[Task data — start]
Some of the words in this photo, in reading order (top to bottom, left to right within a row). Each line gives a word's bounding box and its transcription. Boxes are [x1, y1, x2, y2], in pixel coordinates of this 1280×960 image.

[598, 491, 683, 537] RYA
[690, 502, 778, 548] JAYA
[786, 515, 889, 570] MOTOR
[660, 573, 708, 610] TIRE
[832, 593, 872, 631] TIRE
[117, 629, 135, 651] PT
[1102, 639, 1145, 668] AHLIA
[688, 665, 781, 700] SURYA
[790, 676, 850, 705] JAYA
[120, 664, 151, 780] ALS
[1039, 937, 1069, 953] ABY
[Task data — finish]
#### [Instructions for the task]
Restate the records in full, keeping every word as it is.

#### [Solution to the problem]
Some of the words in this photo, in reading order (top to bottom, left to right within a row). Each line gives a word's bounding box and its transcription. Boxes are [x1, y1, x2, y2], in pixel coordinates of this 1280×960 image.

[598, 491, 683, 537] RYA
[690, 502, 778, 548] JAYA
[786, 515, 889, 570] MOTOR
[660, 573, 708, 610] TIRE
[832, 593, 872, 631] TIRE
[117, 629, 135, 651] PT
[1102, 639, 1145, 668] AHLIA
[688, 665, 781, 700] SURYA
[790, 676, 850, 705] JAYA
[120, 664, 151, 780] ALS
[1039, 937, 1069, 953] ABY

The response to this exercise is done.